Caminó hacia el salón, dirigiéndose hacia la mesa donde se encontraba el teléfono, que sonaba con bastante insistencia. Antes de descolgarlo, Andrea no pudo evitar dirigir una nueva mirada llena de orgullo hacia sus tres hijos, que se encontraban intranquilos, sentados junto al árbol de Navidad frente a los regalos, aún cerrados.
-¿Quién es?.-preguntó.
-¿Contenta Andrea? ¿Era esto lo que querías? Lo acordado, ¿Verdad?
Al escuchar la voz, Andrea recibió en su cerebro la impactante imagen del anciano de la tienda de antigüedades e hizo acopio de valor para no caer de bruces.
-Sí.-se atrevió a decir con apenas un hilo de voz.
-Sabes, sin duda, que todo esto tiene un precio terrible para ti, ¿Verdad?
-Sí.-respondió.
-Recuerdas que lo firmaste, ¿Verdad?
-Sí.-Andrea dudó unos instantes antes de pronunciar las siguientes palabras.-¿Tiene que ser ahora?
Hubo un silencio sepulcral al otro lado del teléfono y pensó que la comunicación se había cortado pero seguidamente escuchó una espantosa respiración por el auricular y después la voz del viejo:
-No Andrea, ahora no. Ya te dijimos que nosotros somos muy generosos por estas fechas. Nos pondremos en contacto contigo…más adelante.
-Gracias.
-No tienes por qué darlas, Andrea, y me alegra que entiendas que un acuerdo es un pacto que siempre hay que respetar.
-Lo sé.
-No te molestamos más, Andrea, pasa una buena noche y disfruta de tus hijos y de tu marido.
-Gracias.
-Por cierto…
Andrea necesitaba colgar. Estaba asustada y tenía un miedo atroz. No quería que aquello terminara. Volver a ver a sus hijos, tenerlos entre sus brazos era tan maravilloso que no deseaba que finalizara jamás. Un escalofrío terrible resbalaba por su espalda, convertido en un sudor frío e incómodo. Cada segundo que pasaba, la voz del teléfono le resultaba más y más horrible.
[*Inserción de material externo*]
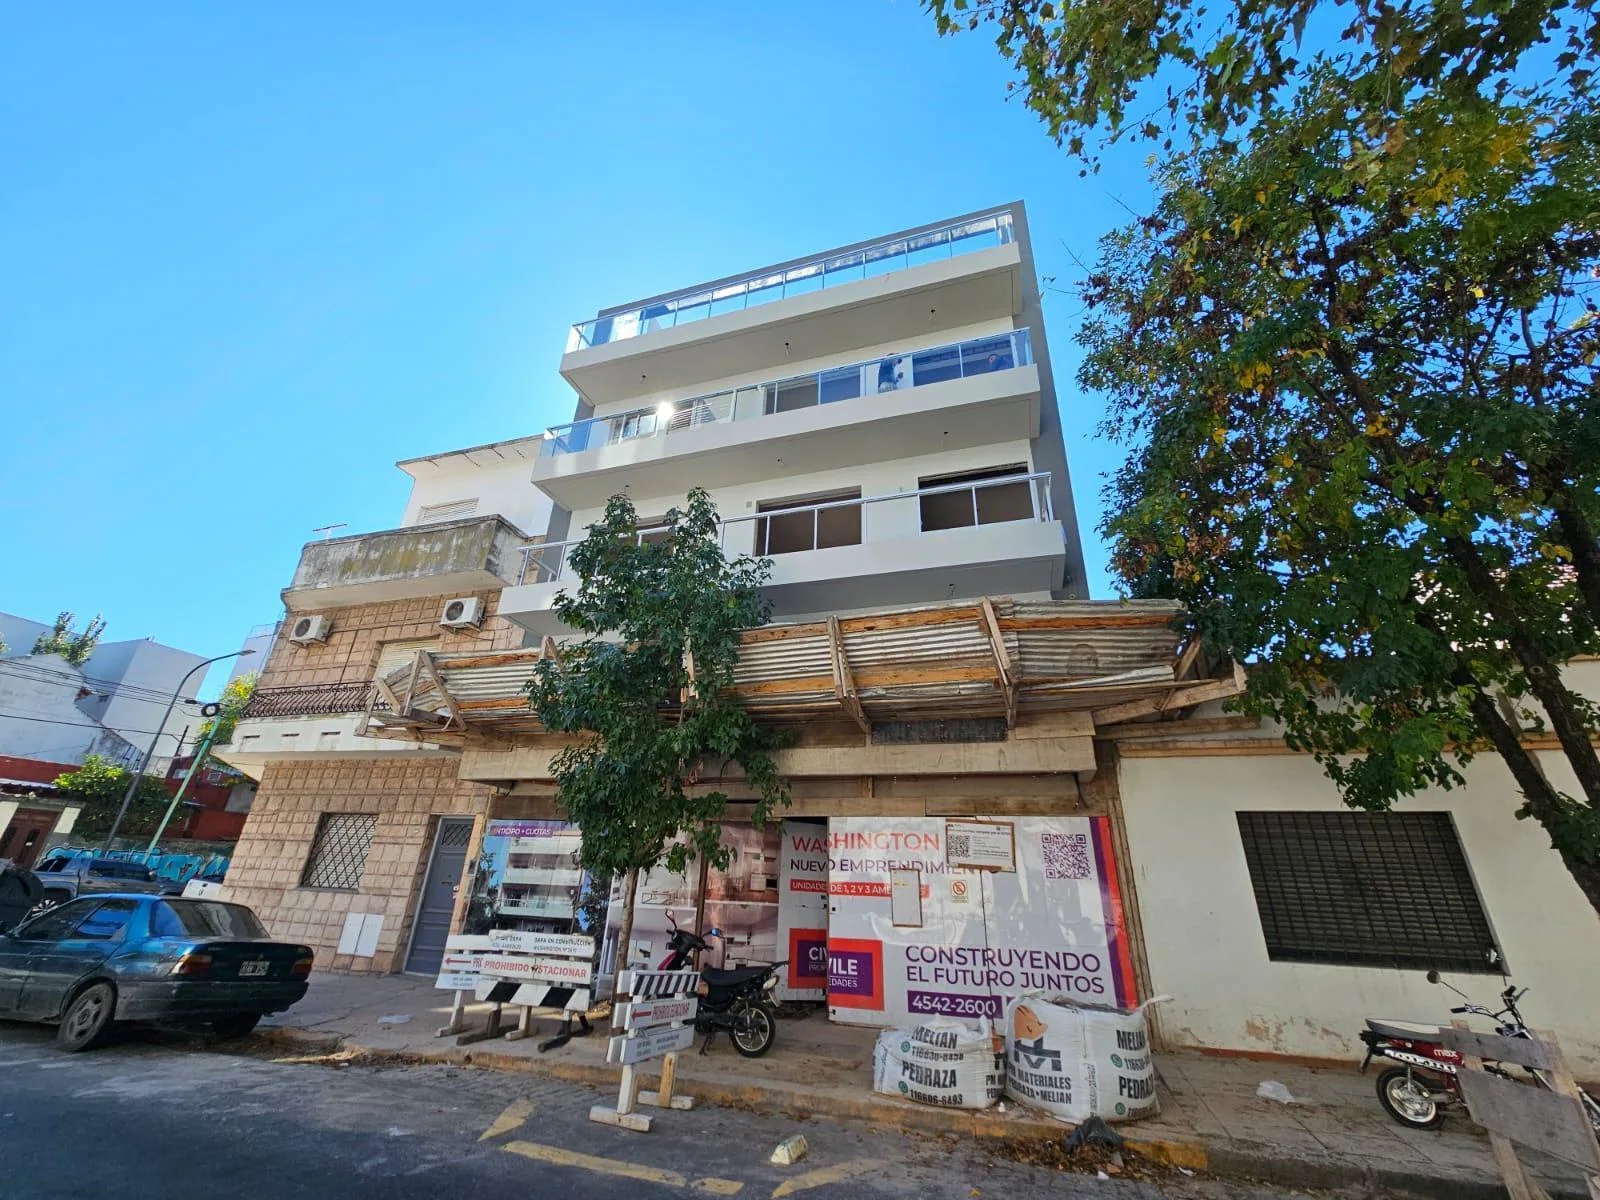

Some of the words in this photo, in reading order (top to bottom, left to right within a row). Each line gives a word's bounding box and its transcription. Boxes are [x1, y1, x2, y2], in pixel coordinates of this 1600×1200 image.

[524, 828, 552, 836] CUOTAS
[791, 831, 940, 853] WASHINGTON
[790, 858, 835, 872] NUEVO
[792, 881, 827, 890] UNIDADE
[851, 885, 857, 893] 2
[858, 885, 864, 893] Y
[865, 885, 871, 893] 3
[484, 961, 530, 972] PROHIBIDO
[905, 945, 1101, 973] CONSTRUYENDO
[906, 965, 929, 983] EL
[934, 967, 1015, 987] FUTURO
[1020, 972, 1105, 994] JUNTOS
[912, 995, 996, 1015] 4542-2600
[911, 1025, 958, 1049] MELIAN
[902, 1060, 958, 1088] PEDRAZA
[1017, 1070, 1072, 1090] MATERIALES
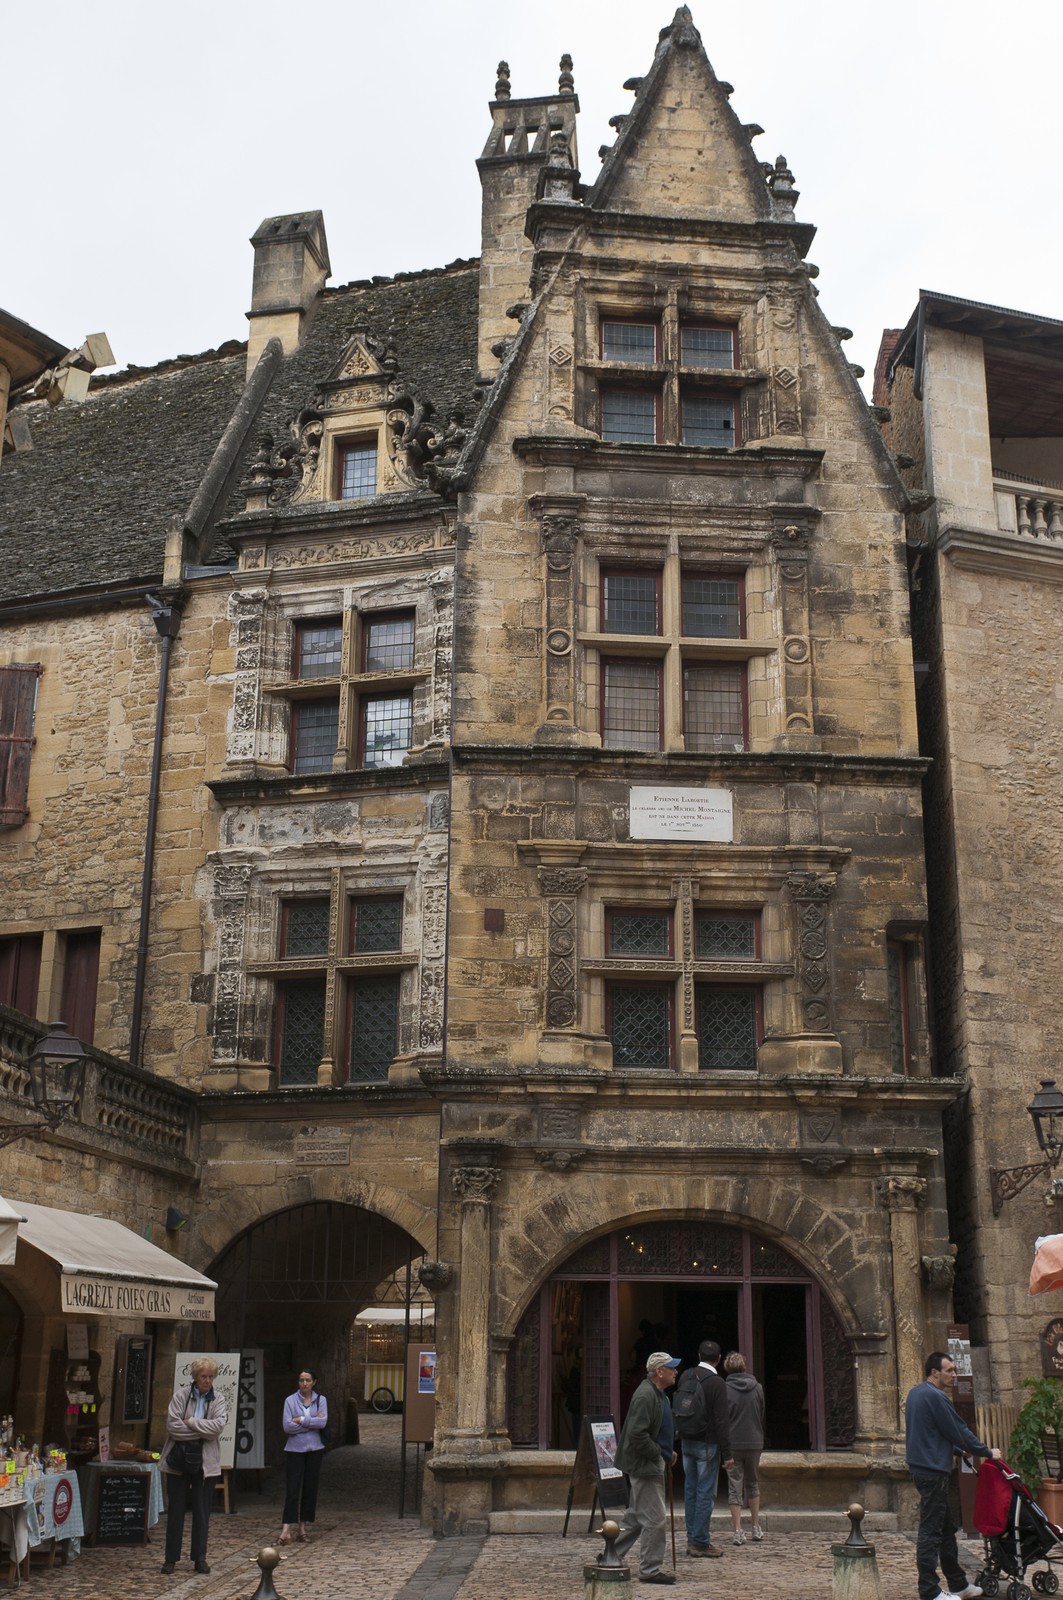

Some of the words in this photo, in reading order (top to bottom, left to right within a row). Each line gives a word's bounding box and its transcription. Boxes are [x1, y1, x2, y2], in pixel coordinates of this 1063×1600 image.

[653, 795, 680, 803] ETIENNE
[697, 806, 731, 814] MONTAIGNE
[65, 1281, 114, 1309] LAGRÈZE
[116, 1286, 145, 1312] FOIES
[146, 1289, 171, 1313] GRAS
[186, 1291, 205, 1305] Artisan
[180, 1304, 211, 1319] Conserveur
[237, 1356, 257, 1454] EXPO
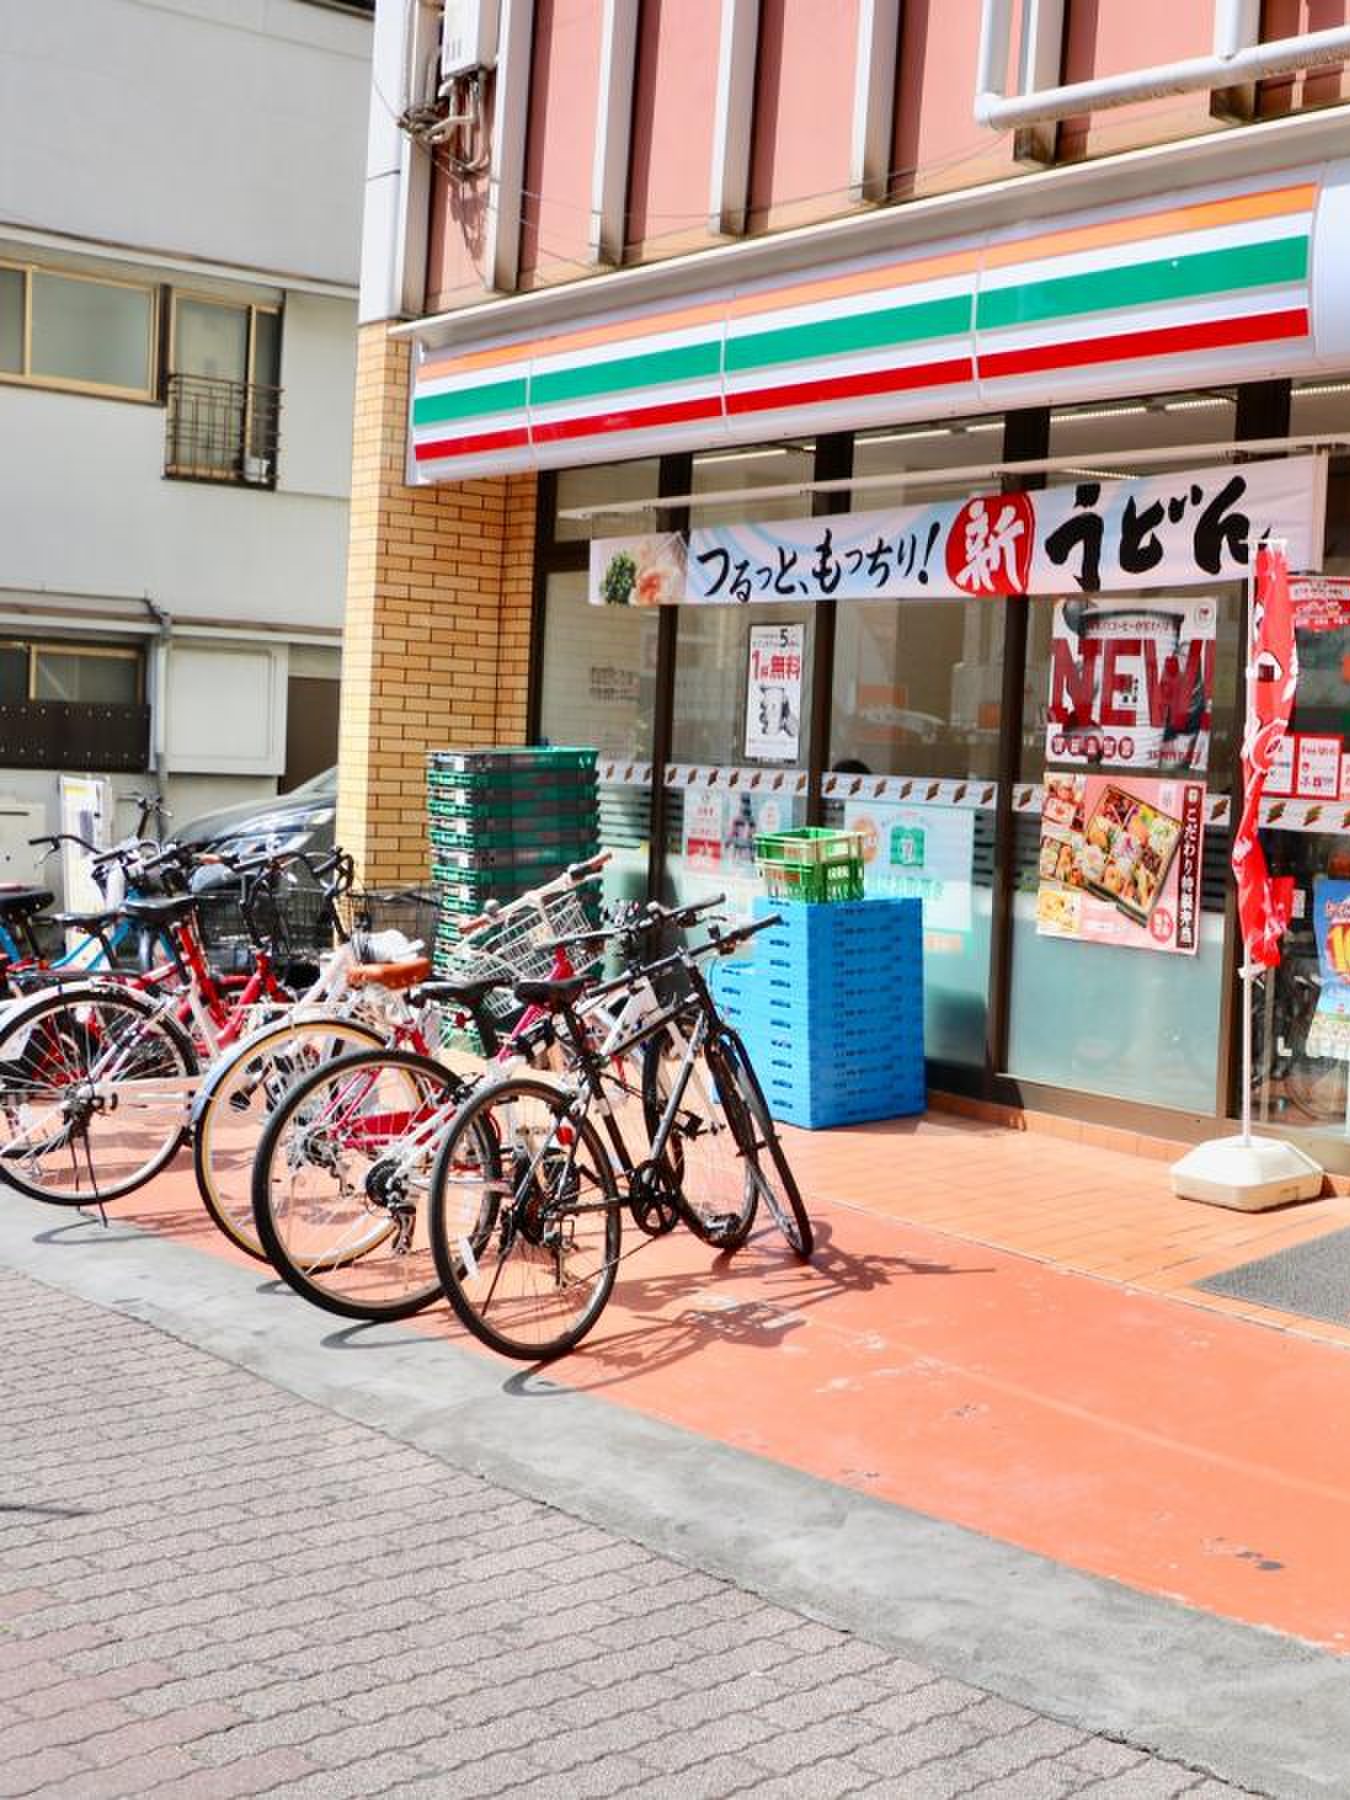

A pesar de todo, Andrea siguió con el auricular pegado a la oreja para escuchar, como si de una broma macabra se tratara, un coro de voces demoníacas que le lanzaron un último mensaje:
-¡Feliz Navidad, Andrea, Feliz Navidad!
Andrea colgó el teléfono y disimuló como pudo el temblor de sus propios brazos. Borró las lágrimas que brotaban de sus ojos y con gran esfuerzo se incorporó, esbozando una sonrisa mientras se acercaba al lugar donde estaban sentados sus tres hijos. Alzó la voz para llamar a su marido. Era el momento oportuno para abrir los regalos.